Review of diffractive deep neural networks
Yichen Sun, Mingli Dong, Mingxin Yu, Xiaolin Liu, Lianqing Zhu
Abstract
In 2018, a UCLA research group published an important paper on optical neural network (ONN) research in the journal Science . It developed the world’s first all-optical diffraction deep neural network (DNN) system, which can perform MNIST dataset classification tasks at near-light-speed. To be specific, the UCLA research group adopted a terahertz light source as the input, established the all-optical diffractive DNN (D 2 NN) model using the Rayleigh-Sommerfeld diffraction theory, optimized the model parameters using the stochastic gradient descent algorithm, and then used 3D printing technology to make the diffraction grating and built the D 2 NN system.
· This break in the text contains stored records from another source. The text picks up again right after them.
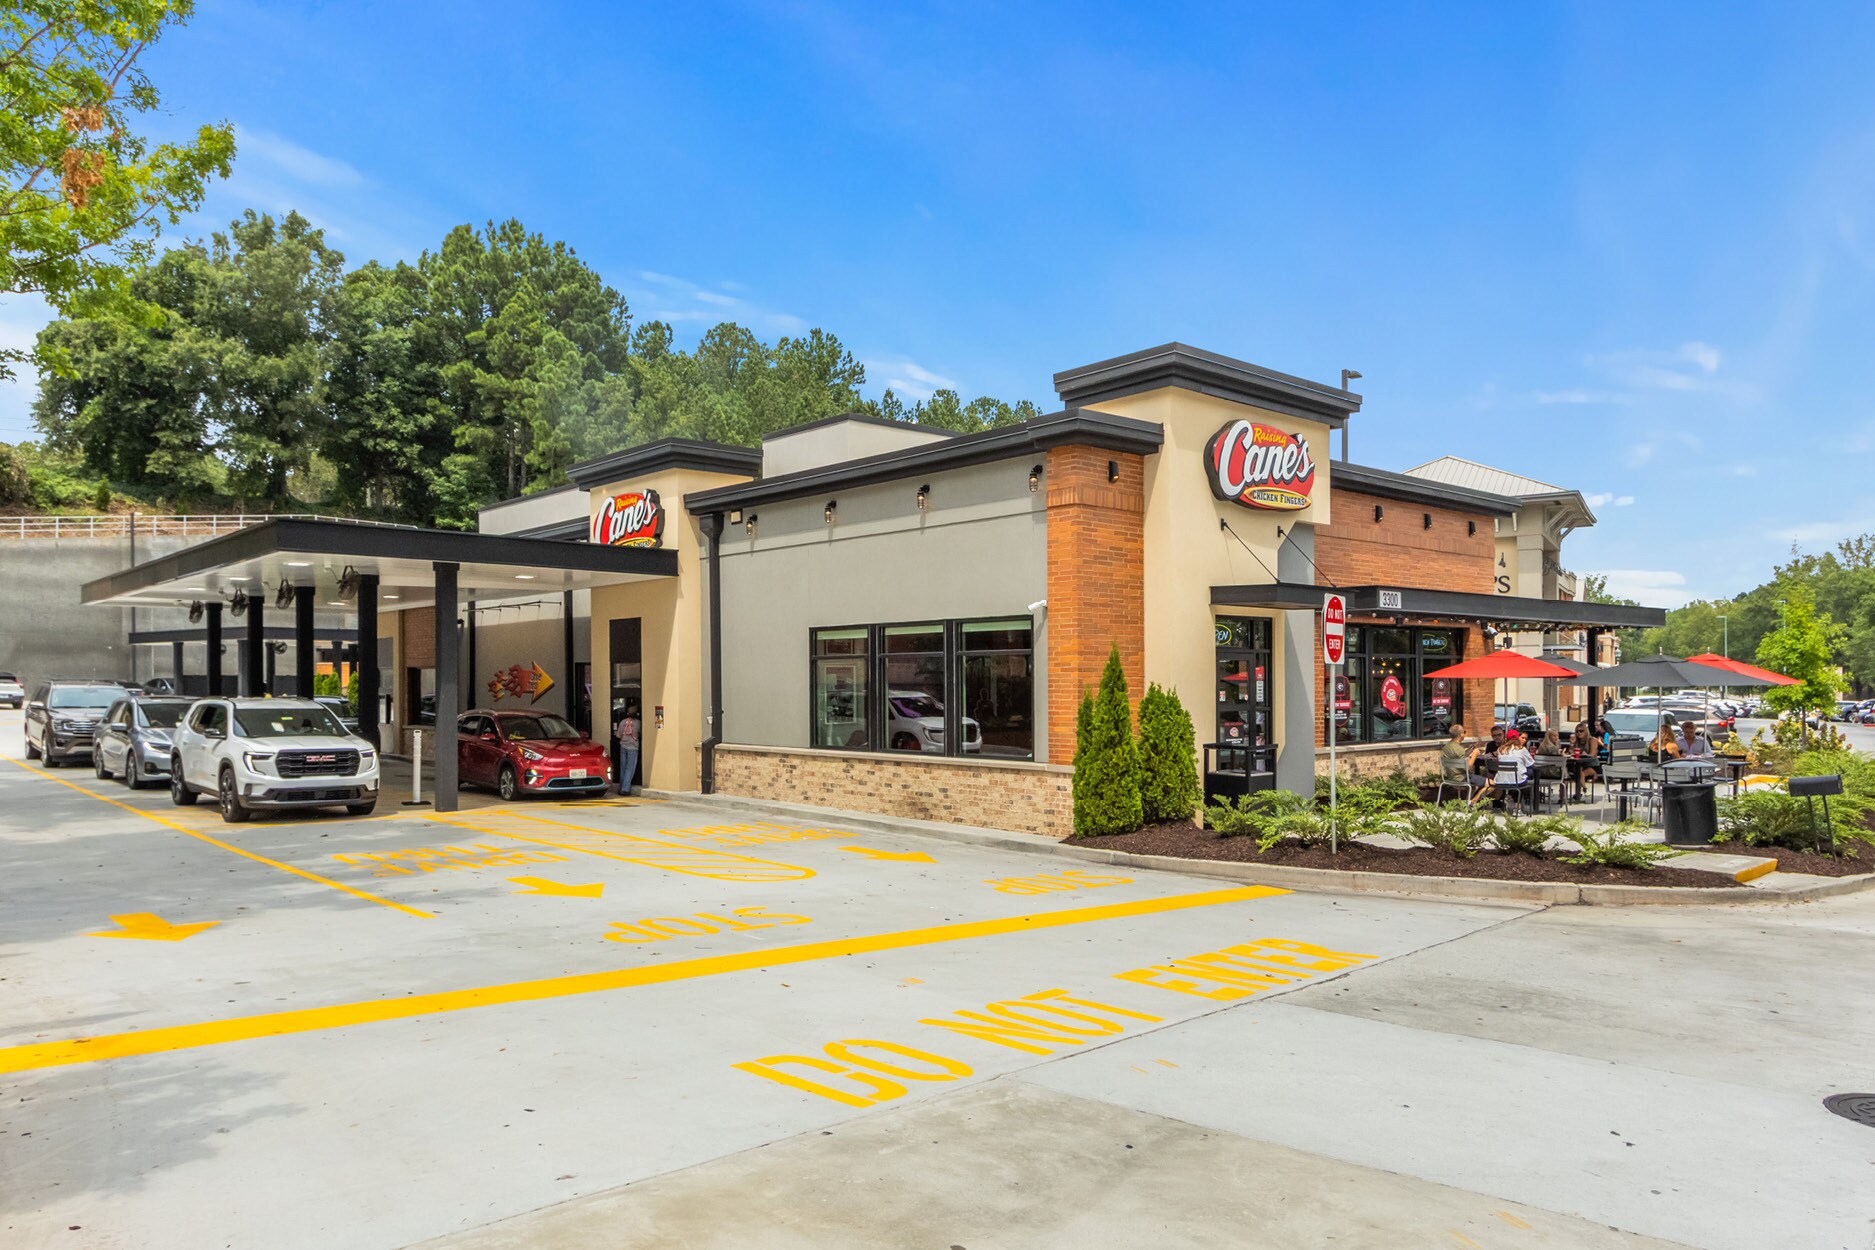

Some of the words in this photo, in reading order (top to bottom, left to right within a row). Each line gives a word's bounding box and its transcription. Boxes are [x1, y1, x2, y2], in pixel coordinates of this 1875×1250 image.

[1253, 427, 1287, 448] Raising
[1219, 419, 1315, 497] Cane's
[615, 495, 638, 511] Raising
[1252, 490, 1279, 502] CHICKEN
[1280, 493, 1305, 506] FINGERS
[594, 489, 657, 545] Cane's
[1382, 592, 1399, 607] 3300
[1327, 607, 1335, 619] DO
[1334, 608, 1343, 620] NOT
[1328, 638, 1341, 650] ENTER
[305, 754, 336, 763] GMC
[331, 843, 518, 865] THRU
[351, 851, 571, 877] DRIVE
[981, 869, 1135, 896] STOP
[602, 906, 813, 944] STOP
[729, 1039, 975, 1109] DO
[916, 988, 1166, 1057] NOT
[1111, 937, 1381, 1002] ENTER
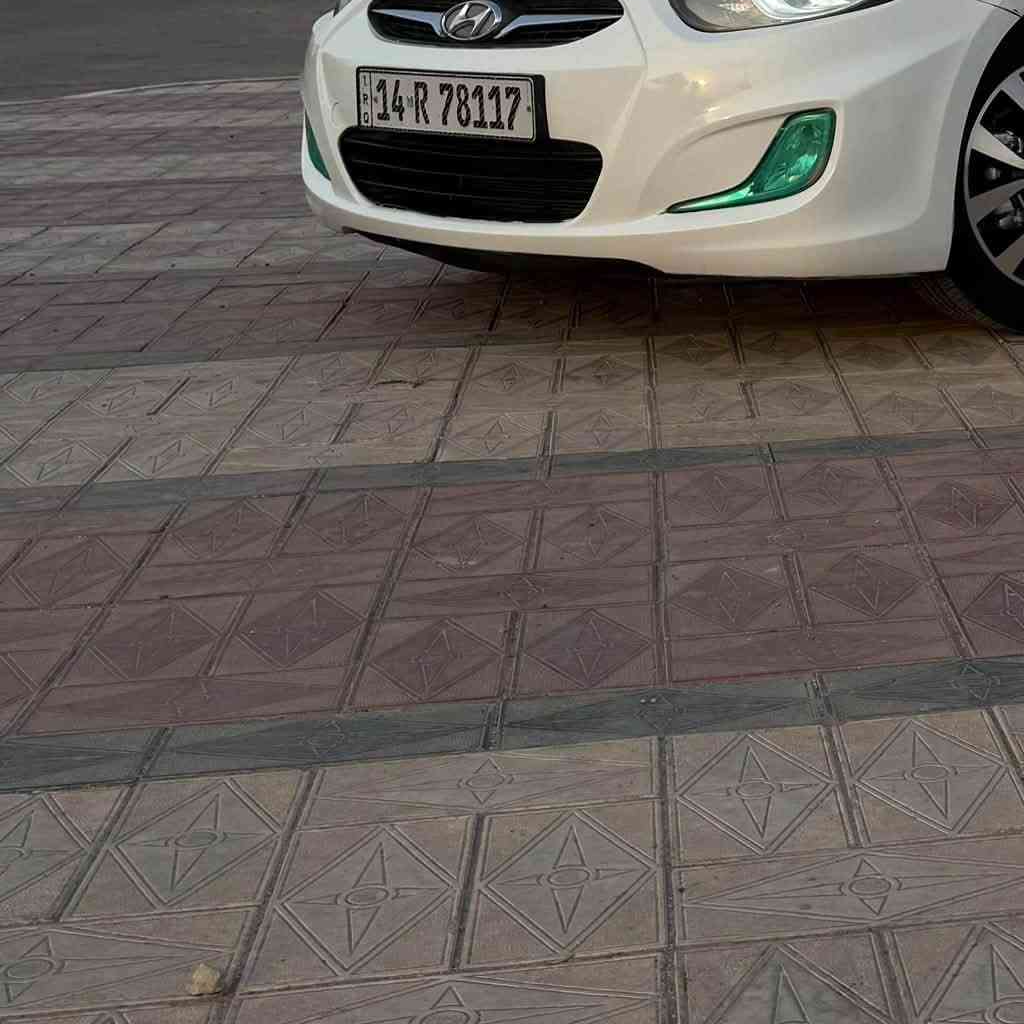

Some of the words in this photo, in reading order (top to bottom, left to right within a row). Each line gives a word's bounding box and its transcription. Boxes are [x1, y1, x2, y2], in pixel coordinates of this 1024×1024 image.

This research opened a new ONN research direction. Here, we first review and analyze the development history and basic theory of artificial neural networks (ANNs) and ONNs. Second, we elaborate D 2 NN as holographic optical elements (HOEs) interconnected by free space light and describe the theory of D 2 NN. Then we cover the nonlinear research and application scenarios for D 2 NN. Finally, the future directions and challenges of D 2 NN are briefly discussed. Hopefully, our work can provide support and help to researchers who study the theory and application of D 2 NN in the future.